**Exercise aim:** Each line from the one that contains "this 1600×900 image." through the end of the entries should be repeated exactly, with nothing added.

[Opening Material provided section]

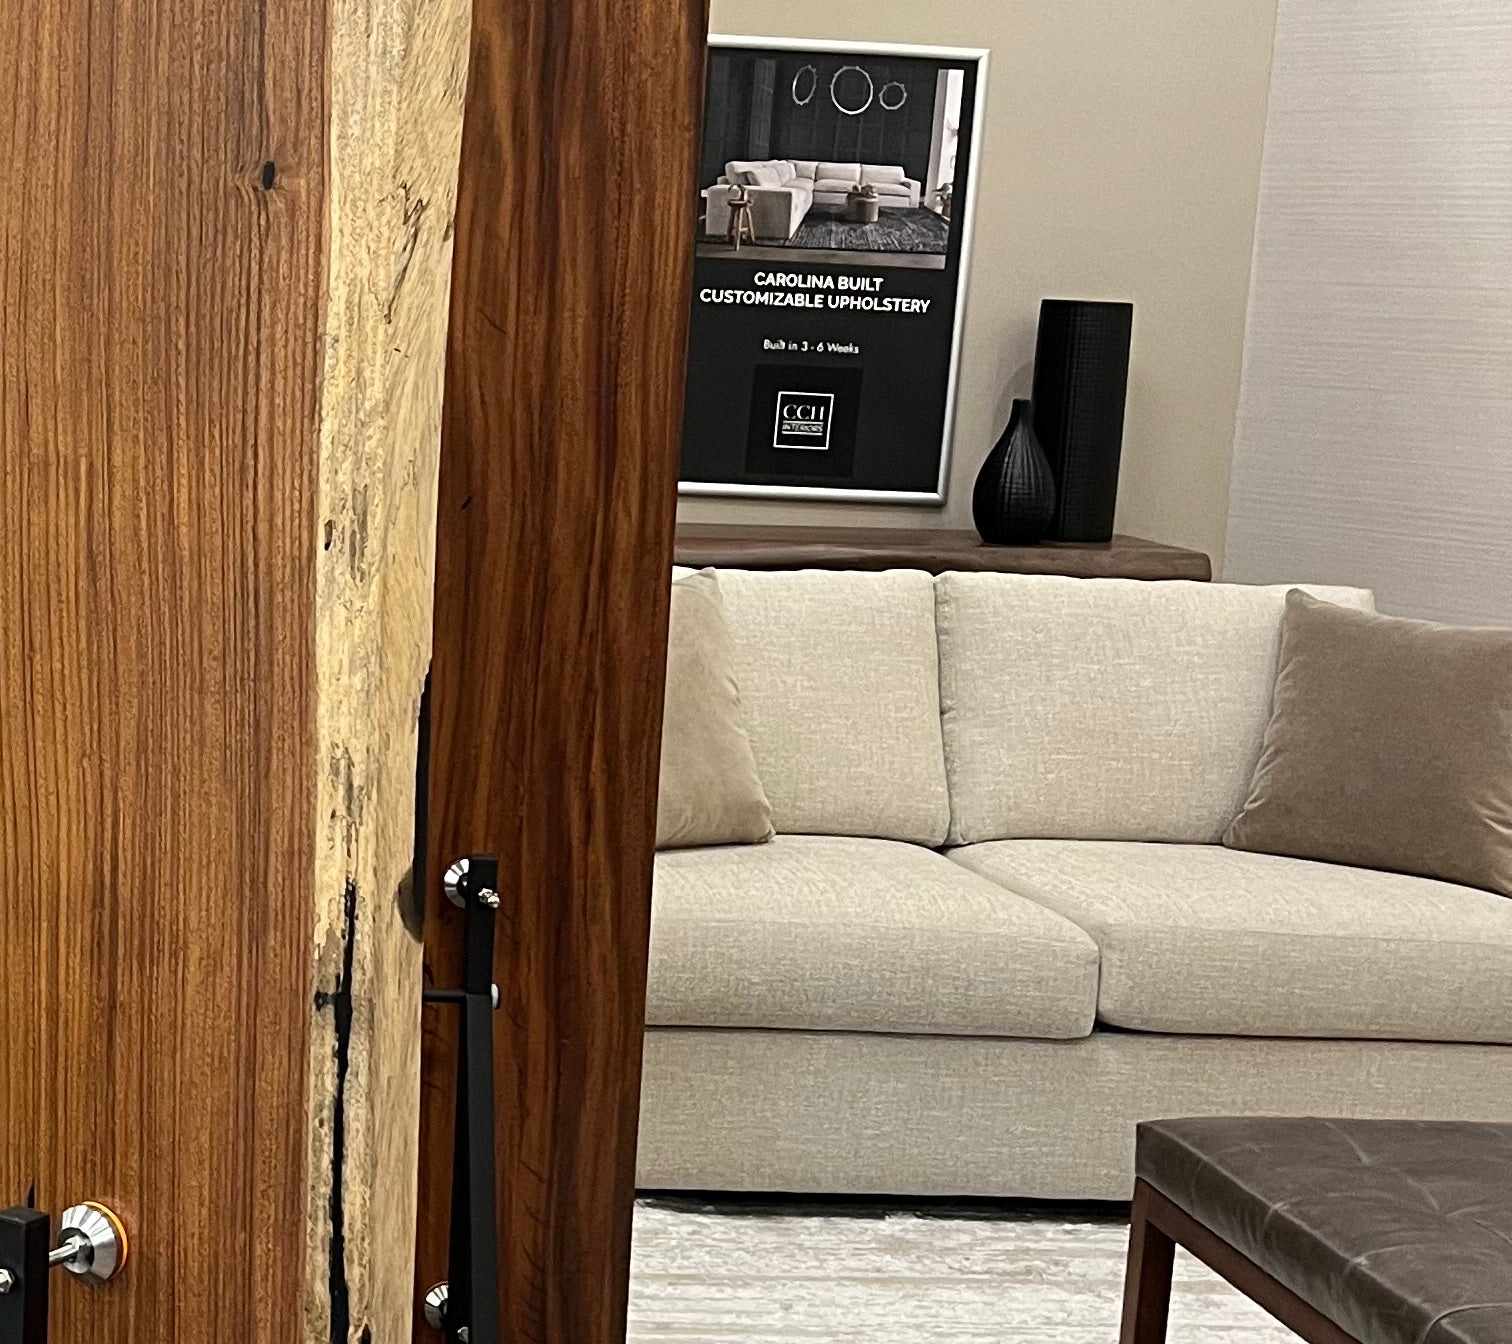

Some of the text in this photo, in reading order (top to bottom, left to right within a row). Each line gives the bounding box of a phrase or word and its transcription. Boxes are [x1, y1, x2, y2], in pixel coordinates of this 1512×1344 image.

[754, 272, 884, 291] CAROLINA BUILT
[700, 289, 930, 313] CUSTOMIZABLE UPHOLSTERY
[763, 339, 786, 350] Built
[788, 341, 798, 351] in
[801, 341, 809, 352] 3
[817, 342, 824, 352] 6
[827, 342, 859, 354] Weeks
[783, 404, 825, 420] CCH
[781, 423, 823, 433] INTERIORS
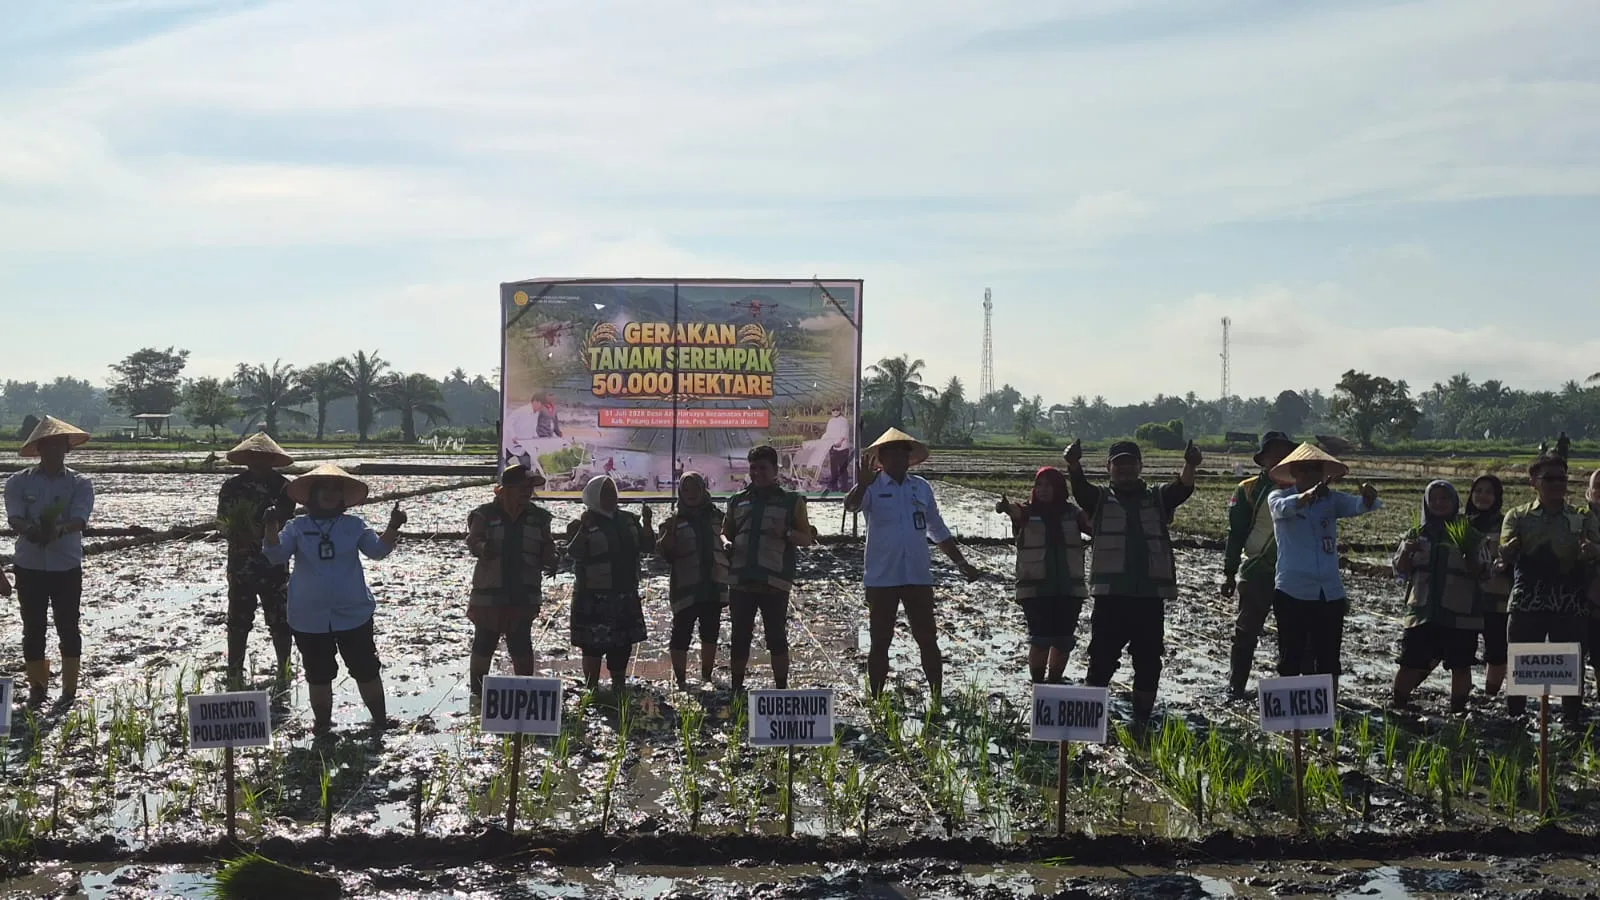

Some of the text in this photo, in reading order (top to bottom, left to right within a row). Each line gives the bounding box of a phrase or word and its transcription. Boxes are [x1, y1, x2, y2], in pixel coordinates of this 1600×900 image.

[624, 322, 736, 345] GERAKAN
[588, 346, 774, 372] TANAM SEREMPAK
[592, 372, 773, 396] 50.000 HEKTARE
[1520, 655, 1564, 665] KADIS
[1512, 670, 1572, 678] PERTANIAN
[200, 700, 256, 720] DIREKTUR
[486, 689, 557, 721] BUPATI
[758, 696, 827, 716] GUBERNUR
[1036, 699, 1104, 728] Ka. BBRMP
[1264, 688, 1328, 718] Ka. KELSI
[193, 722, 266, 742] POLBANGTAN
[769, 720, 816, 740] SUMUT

[Closing Material provided section]

**Solution:**
Some of the text in this photo, in reading order (top to bottom, left to right within a row). Each line gives the bounding box of a phrase or word and its transcription. Boxes are [x1, y1, x2, y2], in pixel coordinates of this 1600×900 image.

[624, 322, 736, 345] GERAKAN
[588, 346, 774, 372] TANAM SEREMPAK
[592, 372, 773, 396] 50.000 HEKTARE
[1520, 655, 1564, 665] KADIS
[1512, 670, 1572, 678] PERTANIAN
[200, 700, 256, 720] DIREKTUR
[486, 689, 557, 721] BUPATI
[758, 696, 827, 716] GUBERNUR
[1036, 699, 1104, 728] Ka. BBRMP
[1264, 688, 1328, 718] Ka. KELSI
[193, 722, 266, 742] POLBANGTAN
[769, 720, 816, 740] SUMUT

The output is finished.